Bayerische Geschichte(n), 05/2016: Wie man Bier zu Geld macht
Liebe Leserin, lieber Leser,
das Brauen von Weißbier, von Bier aus Weizen also, war in Bayern lange Zeit verboten. „Was dann das weiß Pier belangt“, befand Herzog Albrecht V. im November 1567, so sei dies „ein getrank, das weder nert, weder sterck, kraft noch macht gibt, und dahin gericht ist, das es die zechleut oder diejenigen dies trincken, nur mehrerm trincken reizt“. Und weiter sorgte sich der Landesherr: „Es kumpt uns auch vor, das in unserem Rentamt Straubing mit dem weißen Pierpreuen ein unseglich große Anzahl Weitzen verschwendet wirdet …“. Schließlich hatte man gerade einmal fünfzig Jahre zuvor im Reinheitsgebot mit der Beschränkung auf Gerste das wichtige Brotgetreide Weizen und damit die Bevölkerung vor Hungersnöten schützen wollen. Albrecht V. konnte freilich nicht ahnen, dass sein Enkel Maximilian I. ausgerechnet mit dem Weißbier die maroden Staatsfinanzen sanieren würde.

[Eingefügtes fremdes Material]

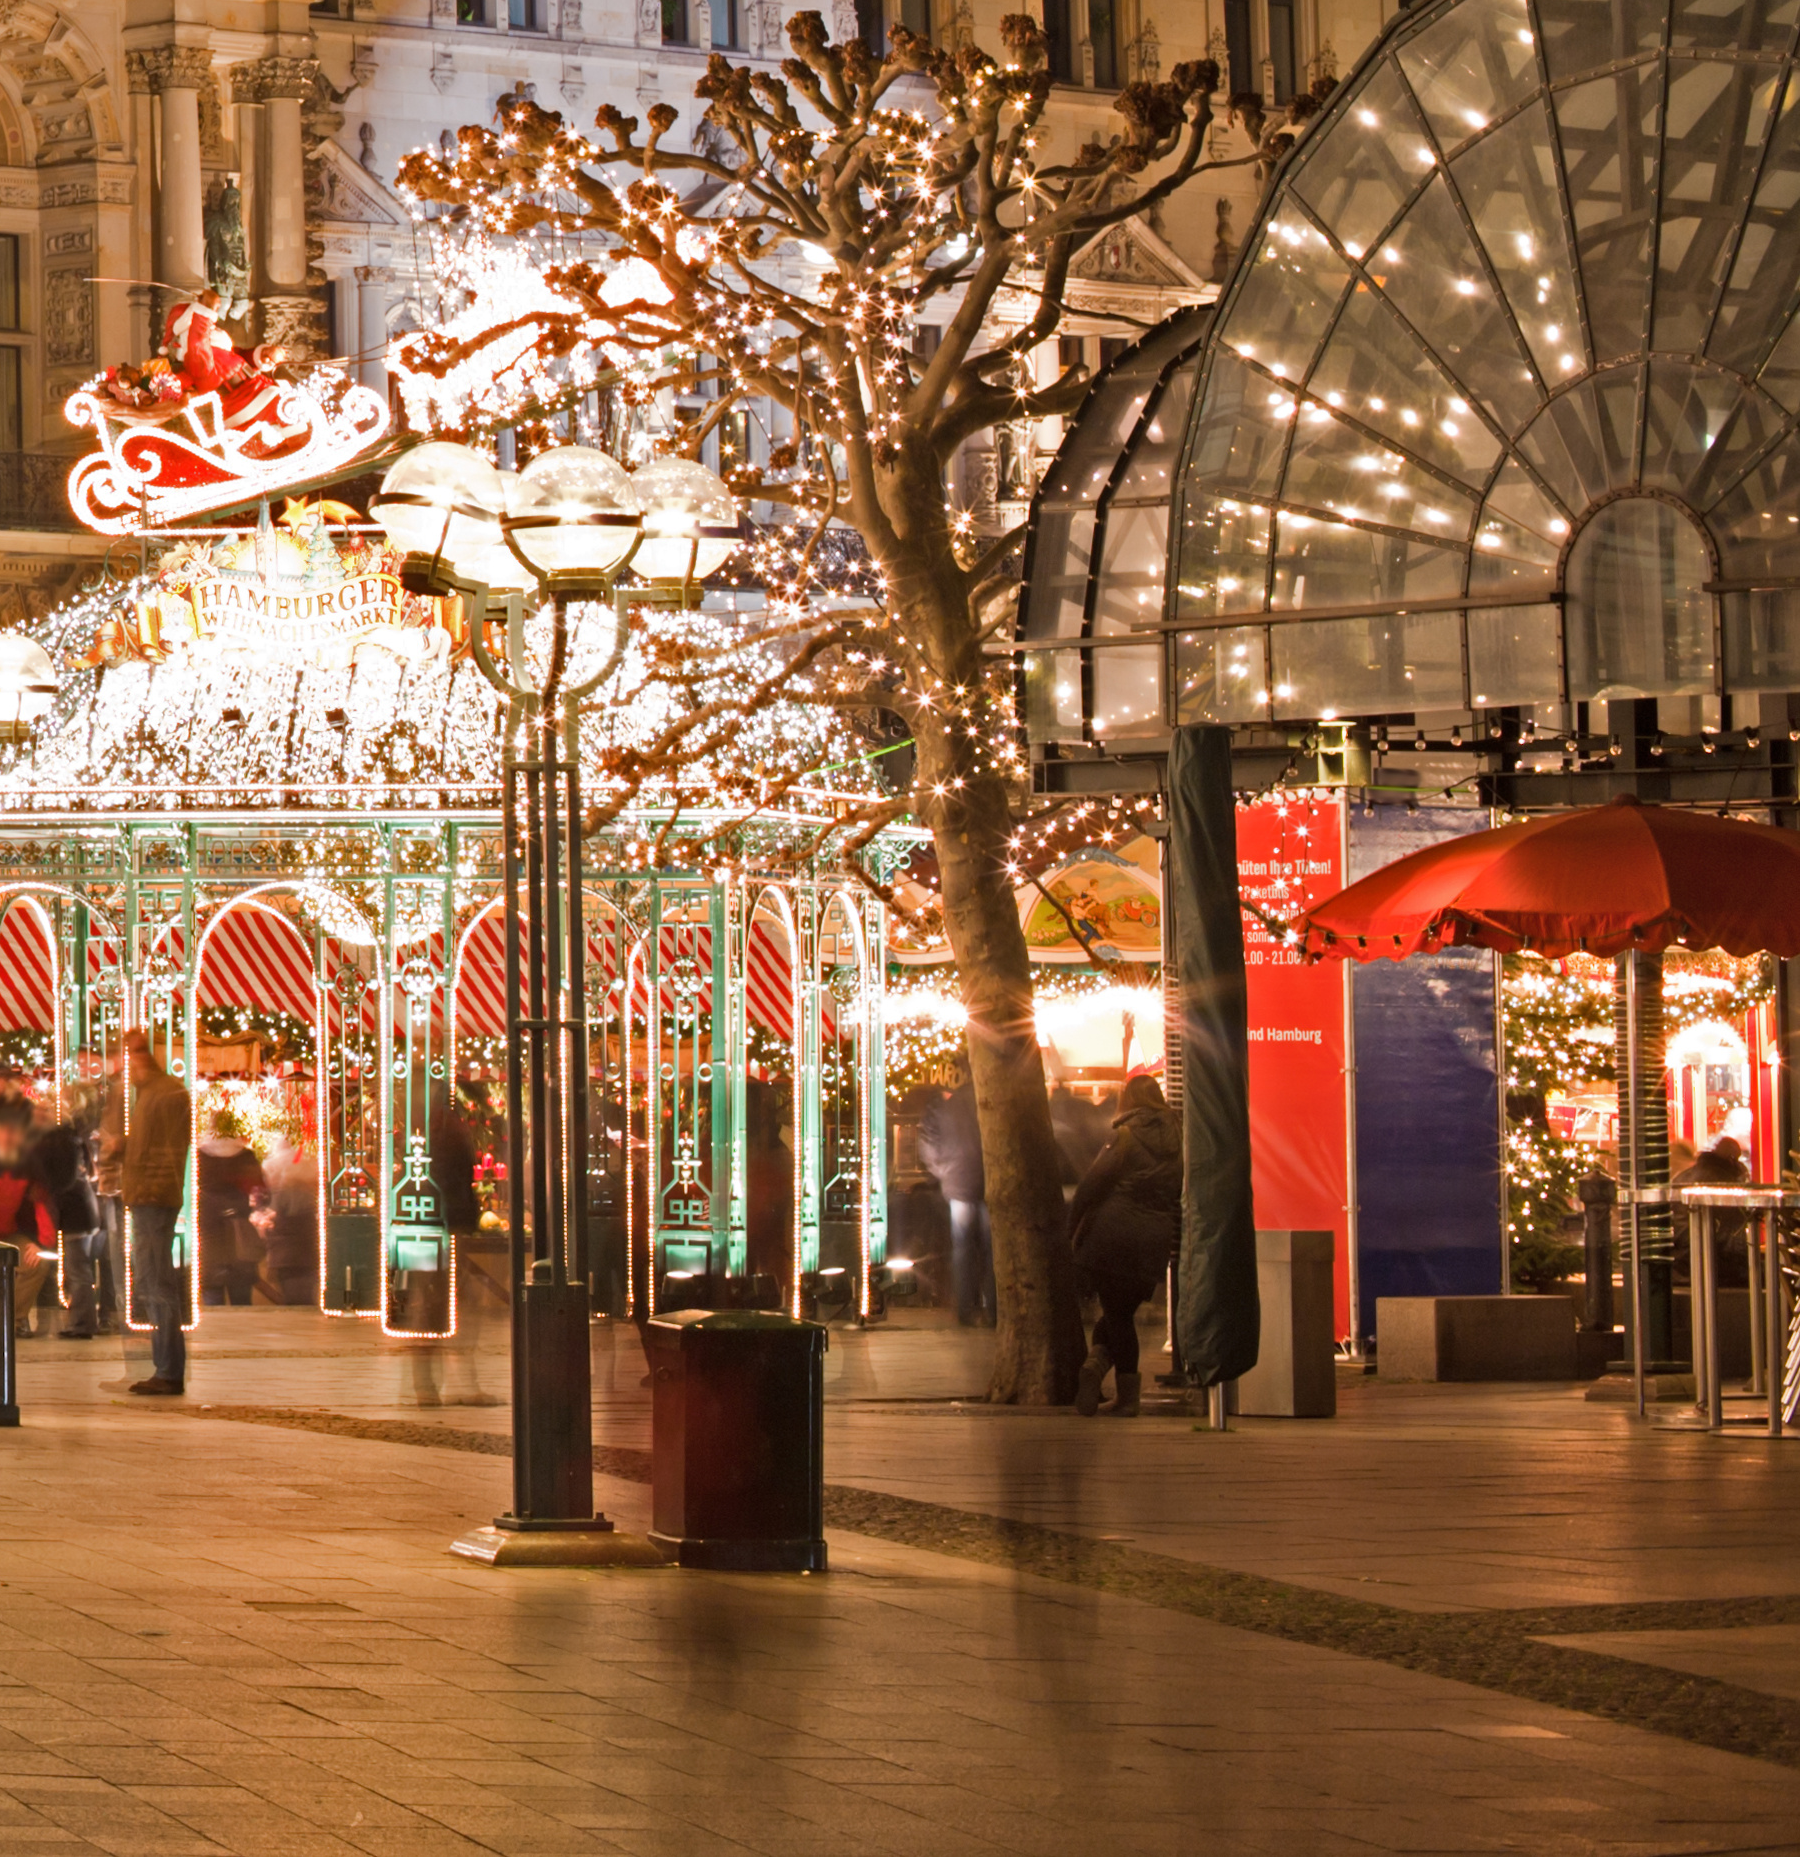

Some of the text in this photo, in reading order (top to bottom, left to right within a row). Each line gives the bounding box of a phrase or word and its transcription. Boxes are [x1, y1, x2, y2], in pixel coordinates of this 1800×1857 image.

Maximilian kam 1598 an die Macht, nachdem sein Vater Wilhelm V. mit seinen Baumaßnahmen und Kunstkäufen exorbitante Schulden angehäuft hatte. Auf der Suche nach neuen Einnahmequellen schickte er seine Kundschafter über die Donau, um dort das geheimnisvolle Weißbierbrauen zu ergründen und herauszufinden, ob „gemainem Geschrei nach sonderbarer Gewinn damit verhandten“. Kein Verbot ohne Ausnahmen: Die Degenberger und die Schwarzenberger hatten herzogliche Privilegien inne, die ihnen das Weißbierbrauen ausdrücklich genehmigten. Mit dem Tod des letzten Degenbergers erbte Maximilian 1602 das erste Privileg, die Brauereien der Schwarzenberger samt ihren Rechten kaufte er im Jahr danach. Nun musste nur noch die Konkurrenz ausgeschaltet und das Weißbier den Untertanen schmackhaft gemacht werden. Da jedoch das Braunbier im Gegensatz zum obergärigen Weißbier nur im Winter zwischen Michaeli und Georgi gebraut werden durfte, stand dem Siegeszug des Weißbiers nichts im Weg.
Maximilian ließ weitere herzogliche Brauhäuser errichten und schuf sich mit dem bayernweiten Weißbiermonopol eine attraktive Einnahmequelle. So konnte er nicht nur große Teile seines Staatshaushalts, sondern obendrein auch die Kosten des Dreißigjährigen Krieges bestreiten. Um auch den letzten Zweifler zum Verstummen zu bringen, ließ er nun seinerseits verlautbaren: „Daß aber das weiß Pier weder so gesundt als das prawn, noch also settige oder den Dursst lesche, ist solches mit Befrembden zuvernemmen, weiln es bei dem Degenberg und Schwarzenberg nie clagt worden, hingegen die teglicher Erfarung bezeugt, das khein Tranckh … den Durrst belder lesche, als eben das weiß Pier“. Die unvorstellbar hohe Summe von 15 Millionen Gulden soll Maximilian I. im Lauf seiner fünfzigjährigen Regierungszeit mit dem Weißbier erwirtschaftet haben.
Das Bayerische Reinheitsgebot, dessen Unterzeichnung sich 2016 zum 500. Mal jährt, bestimmte erstmals feste Brauzeiten, eine Obergrenze für den Bierpreis und vor allem die Beschränkung auf „allein Gerste, Hopfen und Wasser“, die drei „reinen“ Zutaten, aus denen fortan überall in Bayern bestes Bier gebraut werden sollte. Das Hofbräuhaus, das Weißbiermonopol und das Oktoberfest waren weitere Wegmarken in der Geschichte des Bierbrauens in Bayern, die Prinz Luitpold von Bayern und Günter Albrecht in dem Buch „Ohne Bayern kein Bier – Ohne Bier kein Bayern“ ebenso anschaulich wie informativ schildern.